*DIRECTIONS:* Would you copy the lines below exactly and omit the images?

━━━━━━━━━━━━━━━━

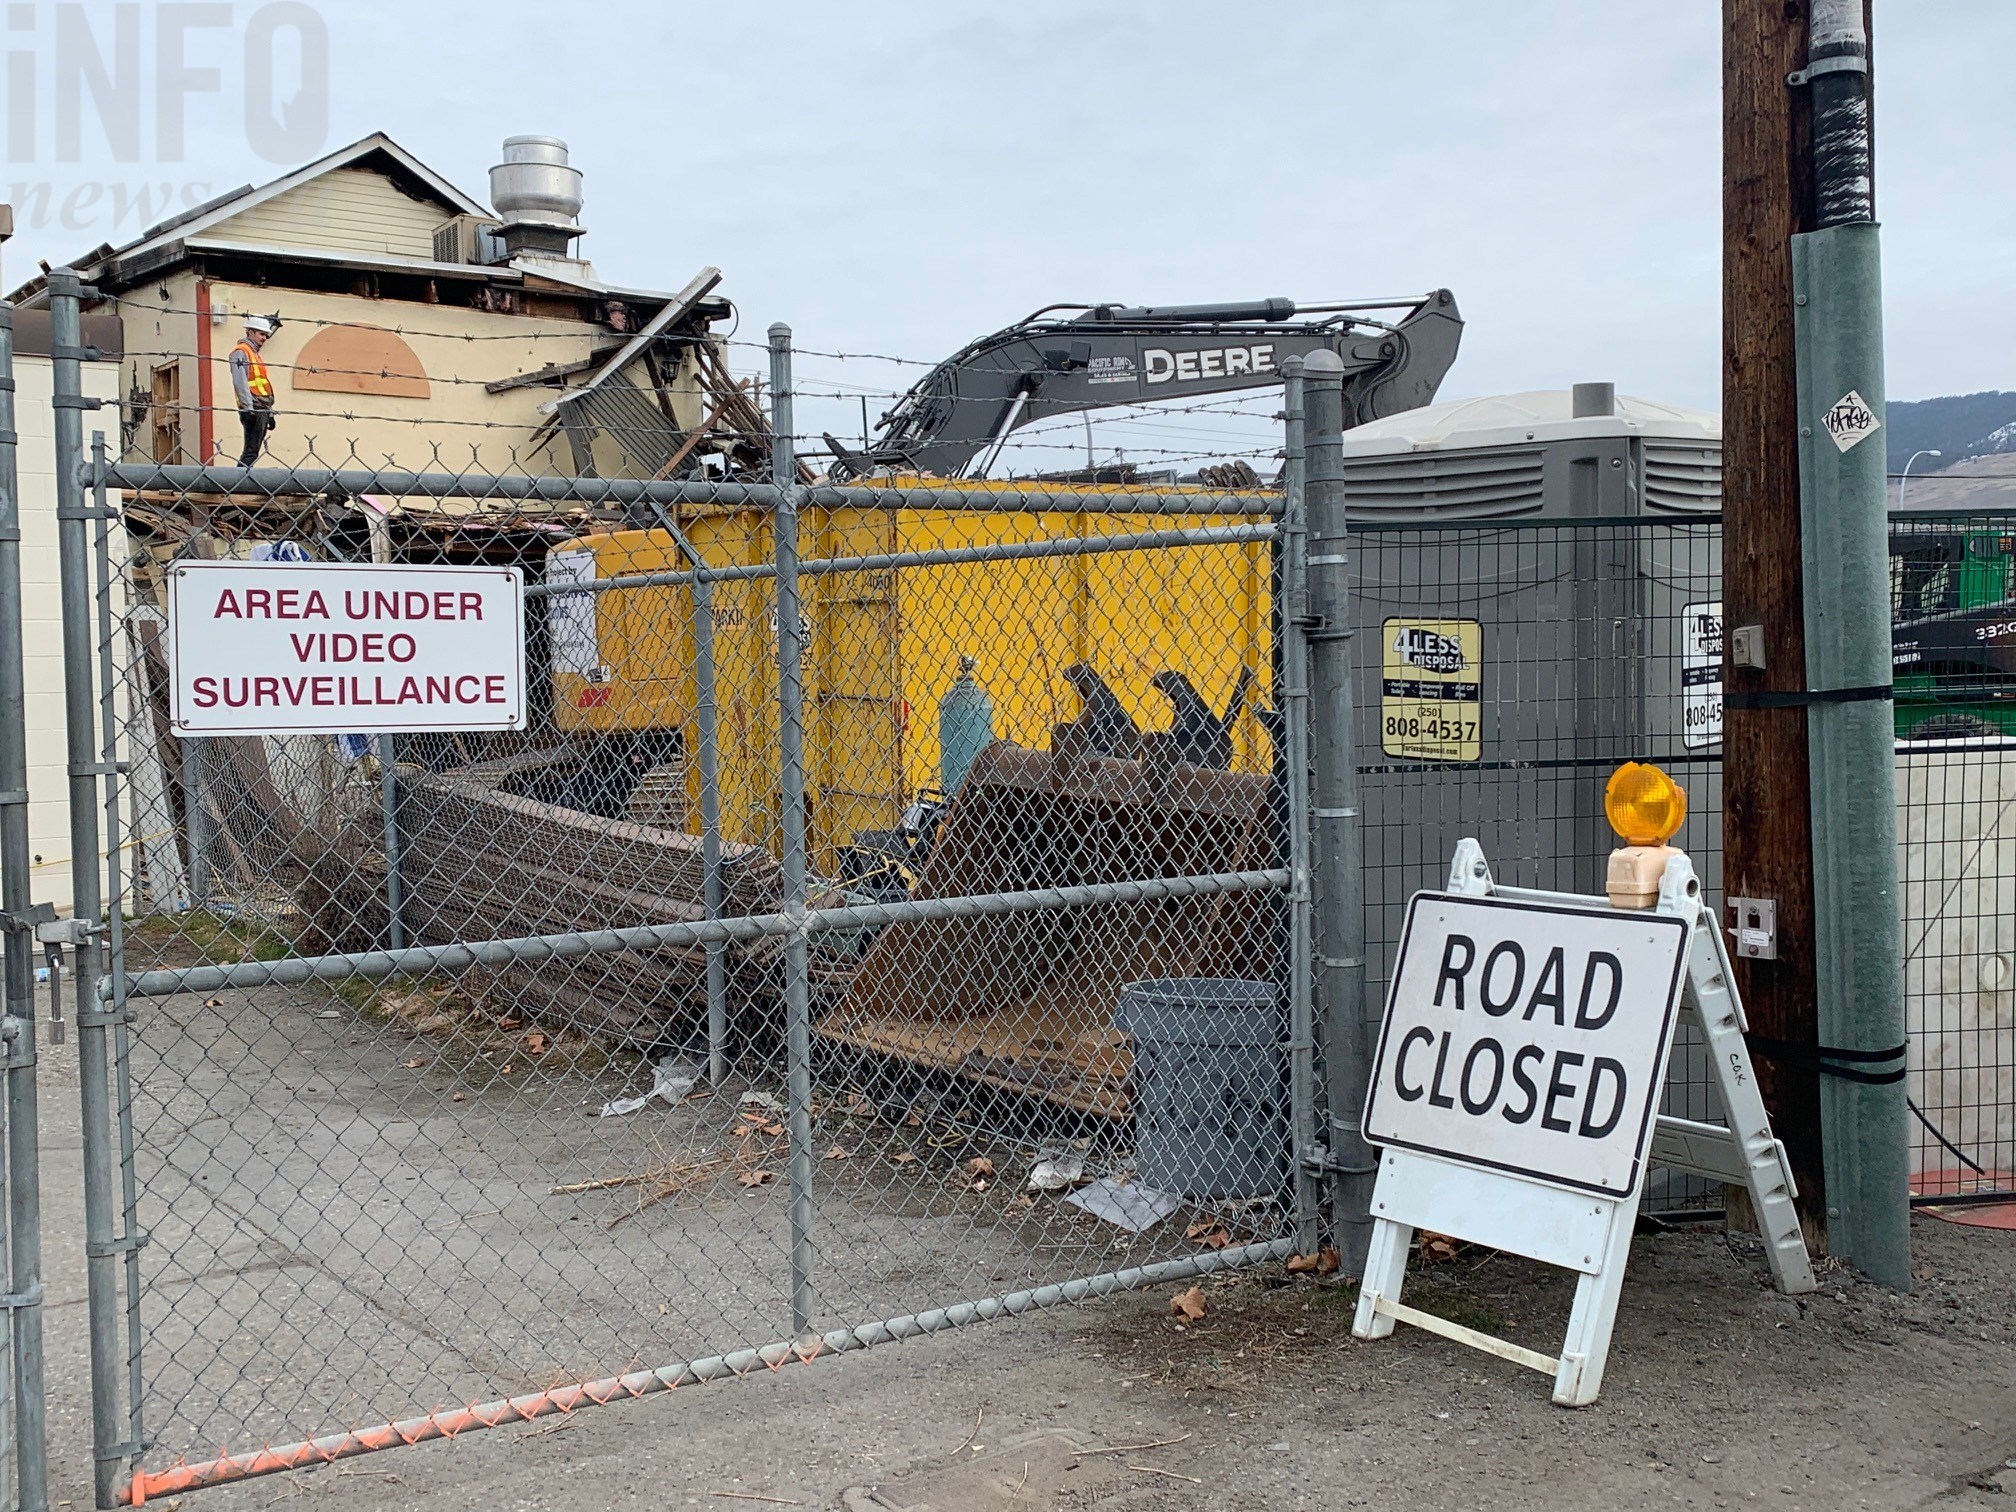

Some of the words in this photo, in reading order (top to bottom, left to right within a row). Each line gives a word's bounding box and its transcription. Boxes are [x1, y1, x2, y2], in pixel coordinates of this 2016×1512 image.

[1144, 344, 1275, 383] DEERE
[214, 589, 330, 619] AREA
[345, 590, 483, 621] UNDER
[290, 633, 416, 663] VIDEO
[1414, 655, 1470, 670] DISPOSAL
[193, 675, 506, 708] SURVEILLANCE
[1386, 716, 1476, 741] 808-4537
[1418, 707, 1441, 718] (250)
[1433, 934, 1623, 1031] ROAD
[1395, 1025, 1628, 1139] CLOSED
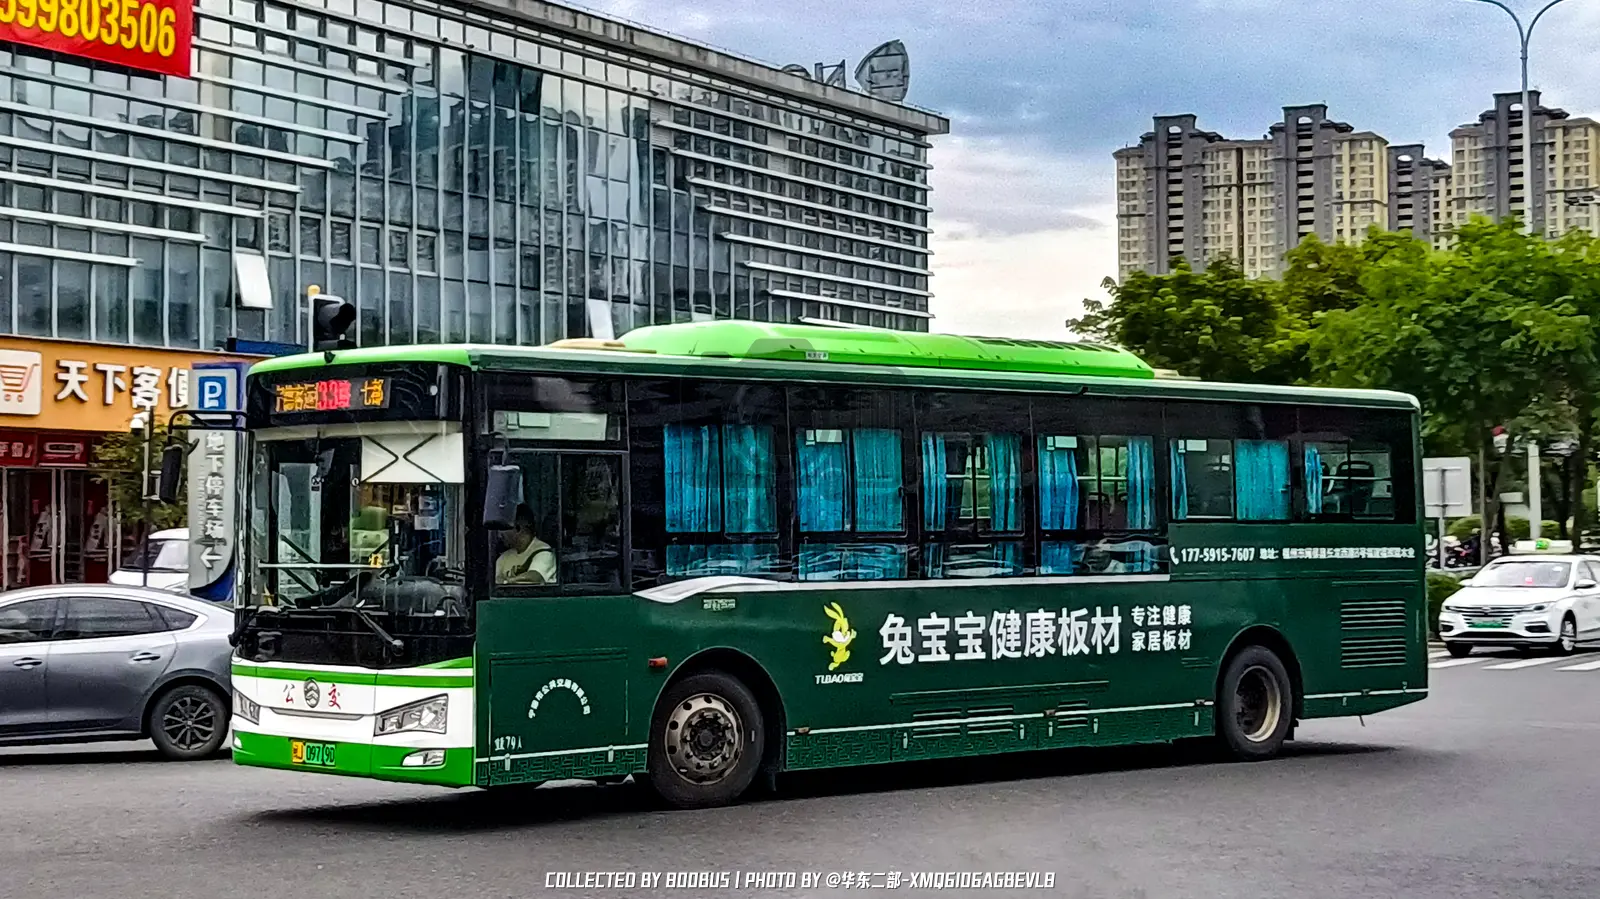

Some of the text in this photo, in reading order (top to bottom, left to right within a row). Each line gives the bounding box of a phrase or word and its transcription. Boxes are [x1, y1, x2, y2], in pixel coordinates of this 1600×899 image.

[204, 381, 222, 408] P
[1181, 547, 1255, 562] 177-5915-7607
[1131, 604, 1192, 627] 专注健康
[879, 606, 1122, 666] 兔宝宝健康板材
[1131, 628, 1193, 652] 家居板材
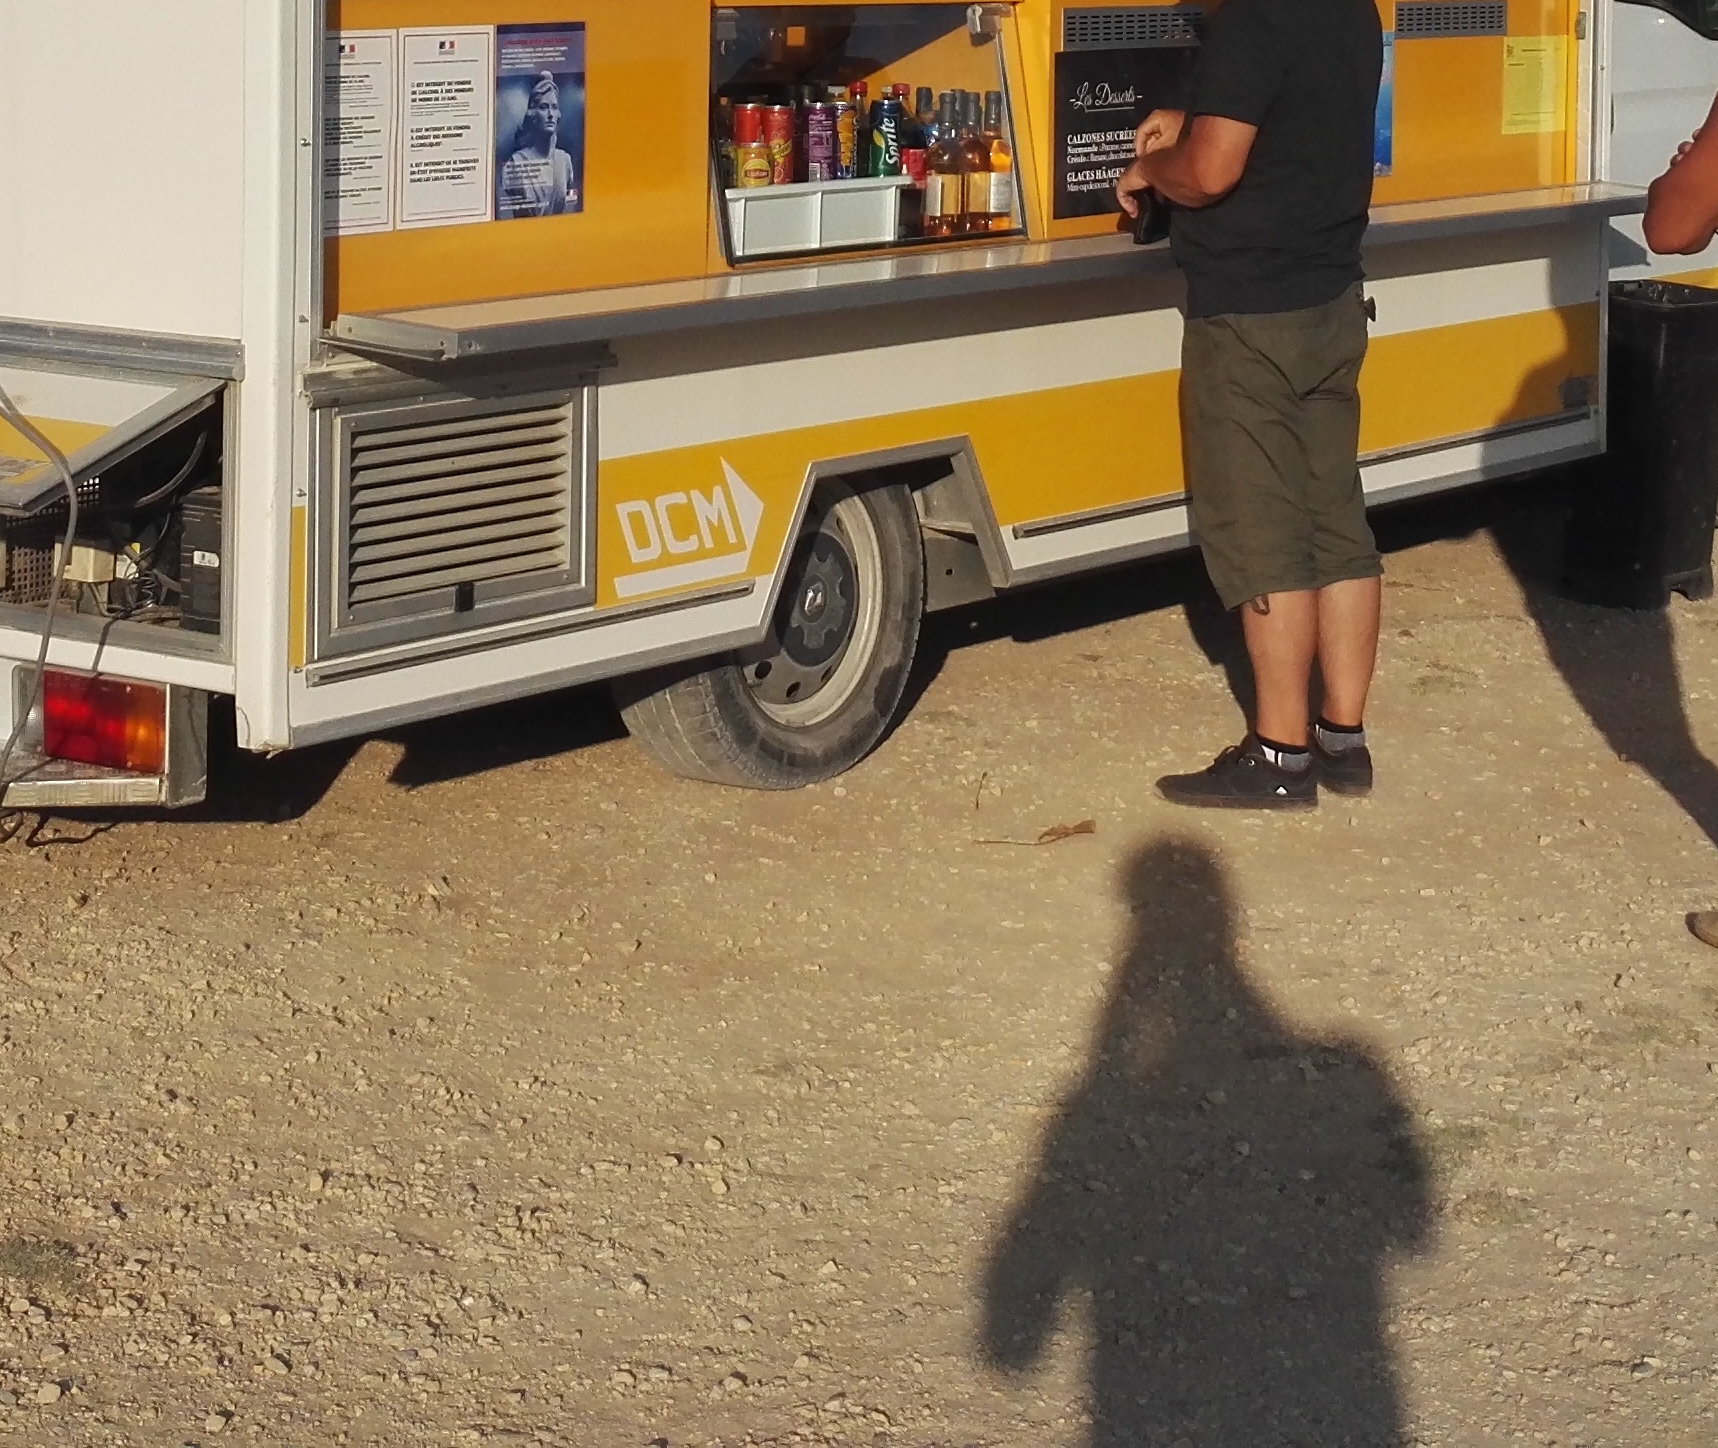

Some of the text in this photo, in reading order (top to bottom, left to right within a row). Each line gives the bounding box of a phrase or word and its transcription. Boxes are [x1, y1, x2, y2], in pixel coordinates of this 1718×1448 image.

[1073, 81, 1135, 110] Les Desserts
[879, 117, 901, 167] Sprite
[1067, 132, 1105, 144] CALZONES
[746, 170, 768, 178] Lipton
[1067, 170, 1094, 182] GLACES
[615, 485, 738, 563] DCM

━━━━━━━━━━━━━━━━

*ANSWER:*
Some of the words in this photo, in reading order (top to bottom, left to right within a row). Each line gives a word's bounding box and its transcription. Boxes are [x1, y1, x2, y2], in pixel coordinates of this 2016×1512 image.

[1144, 344, 1275, 383] DEERE
[214, 589, 330, 619] AREA
[345, 590, 483, 621] UNDER
[290, 633, 416, 663] VIDEO
[1414, 655, 1470, 670] DISPOSAL
[193, 675, 506, 708] SURVEILLANCE
[1386, 716, 1476, 741] 808-4537
[1418, 707, 1441, 718] (250)
[1433, 934, 1623, 1031] ROAD
[1395, 1025, 1628, 1139] CLOSED

Some of the text in this photo, in reading order (top to bottom, left to right within a row). Each line gives the bounding box of a phrase or word and its transcription. Boxes are [x1, y1, x2, y2], in pixel coordinates of this 1600×899 image.

[204, 381, 222, 408] P
[1181, 547, 1255, 562] 177-5915-7607
[1131, 604, 1192, 627] 专注健康
[879, 606, 1122, 666] 兔宝宝健康板材
[1131, 628, 1193, 652] 家居板材

Some of the text in this photo, in reading order (top to bottom, left to right within a row). Each line gives the bounding box of a phrase or word and its transcription. Boxes are [x1, y1, x2, y2], in pixel coordinates of this 1718×1448 image.

[1073, 81, 1135, 110] Les Desserts
[879, 117, 901, 167] Sprite
[1067, 132, 1105, 144] CALZONES
[746, 170, 768, 178] Lipton
[1067, 170, 1094, 182] GLACES
[615, 485, 738, 563] DCM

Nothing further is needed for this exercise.